This inverts the original hunter-gatherer rule. What all the Leftists who are lying when they write that hunter-gatherers were pleasant socialists forget is that hunter-gatherers were mobile, and the rule of a mobile group is that anyone who holds back the group gets left behind. Sure, they were “socialists” in regard to giving food to their own families, but when it comes time to move to a new patch of forest or escape a forest fire, grandma in the wheelchair and the retarded kids get left behind.
For that reason, socializing in intelligent populations arose as an inversion of the general rule. Friendship was signified by the intent not to leave someone behind, and for each of the friends to view themselves as in the debt of the other and therefore prone to save them even when manifestly inconvenient.
This brings up the “prisoner’s dilemma,” however, which we see is the same as the “free rider” problem.
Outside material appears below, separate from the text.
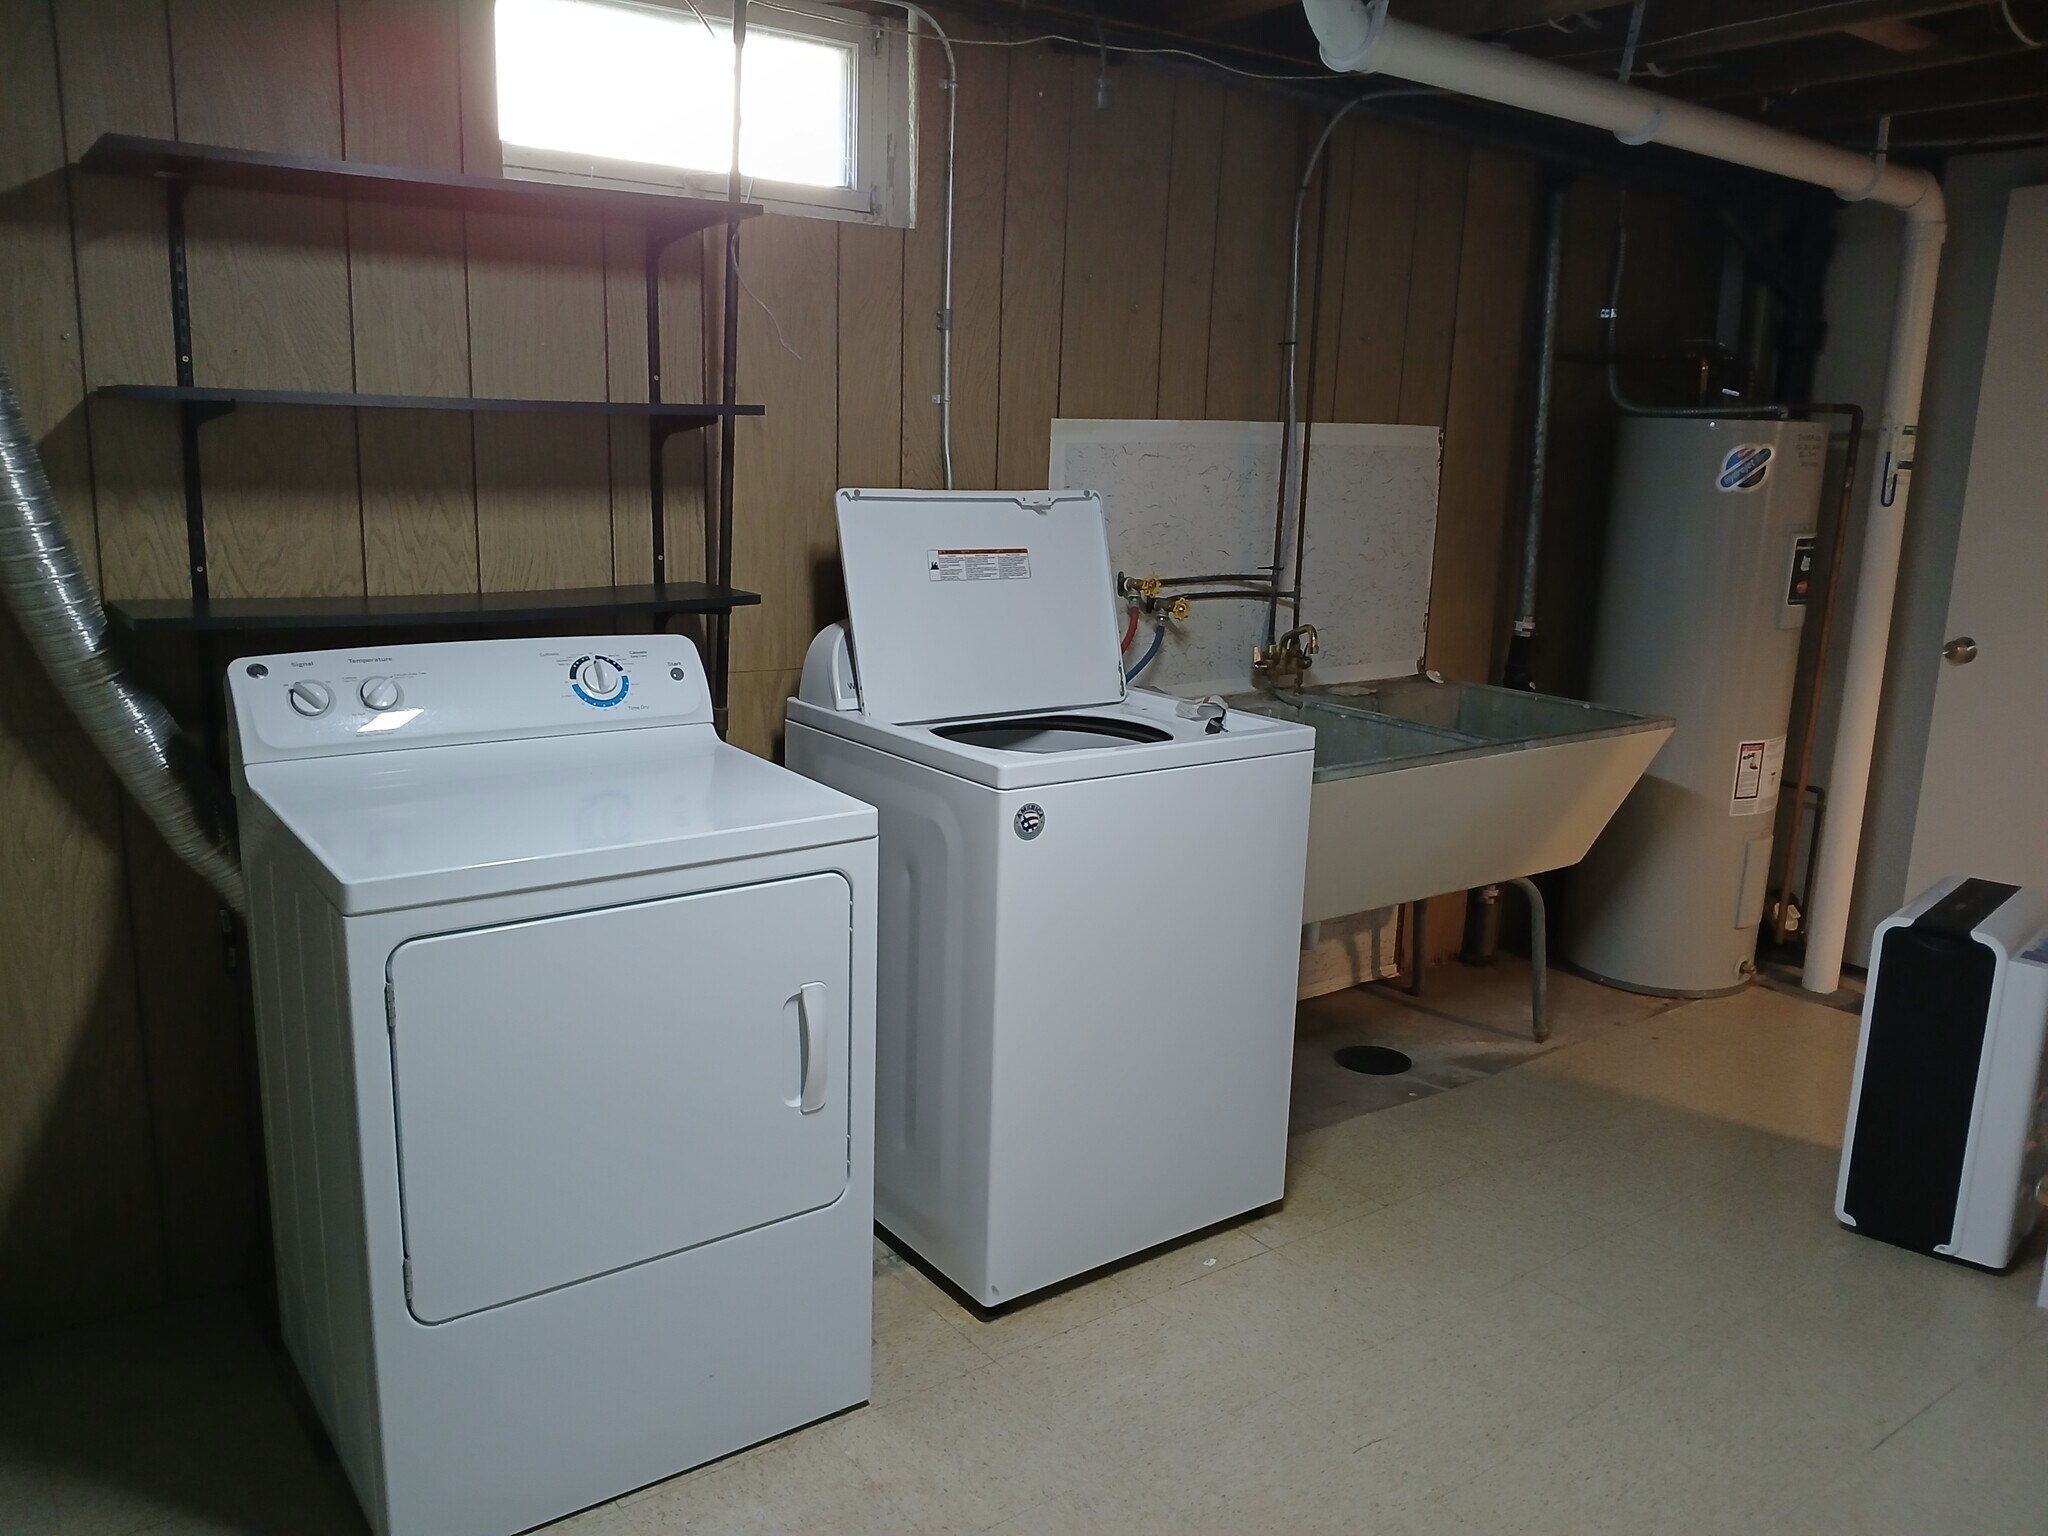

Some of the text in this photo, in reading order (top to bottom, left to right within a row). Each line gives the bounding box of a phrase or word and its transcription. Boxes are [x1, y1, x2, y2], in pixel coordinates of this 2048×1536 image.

[290, 660, 314, 668] Signal
[348, 656, 393, 664] Temperature
[1017, 804, 1044, 819] AMERICA
If a friend is tested, will he stick to the arrangement, or make short-term profit by escaping that burden, after already receiving the benefits in advance? In another way of putting this, if you are crossing a chasm by rope, make sure that the person who goes across first will actually toss the rope back!
If taken to its extreme, the free rider problem becomes a condition like socialism, where people are automatically included in the wealth of society and therefore, have no incentive to do much; the work then falls entirely on the backs of the 5% or so who struggle to be effective because they are “nice.” We are in that situation in America today because our social feelings led to universal inclusion.
All human populations suffer this dilemma but it only afflicts the intelligent ones. Simpler populations default to an all-or-nothing rule; they never help anyone unless it is to their advantage. Intelligent mixed-race populations demonstrate a more discriminating and effective version of this, and when they are dropped into more social populations, quickly dominate them. This is why some people hate Jews and Asians in the West: they win fair and square by playing by their rules, not ours, and this makes us realize we need to rethink our rules because they are nonsensical.
However, intelligent populations like their niceness and socializing. The only solution here is to have a strong morality not of inclusion, as Christianity does, but of exclusion, as the hunter-gatherers and warriors do, and to recognize it as “nice” because it works best in the face of constant threats. Our ancestors did this, but then conquered the threats for the time being, and all fell apart.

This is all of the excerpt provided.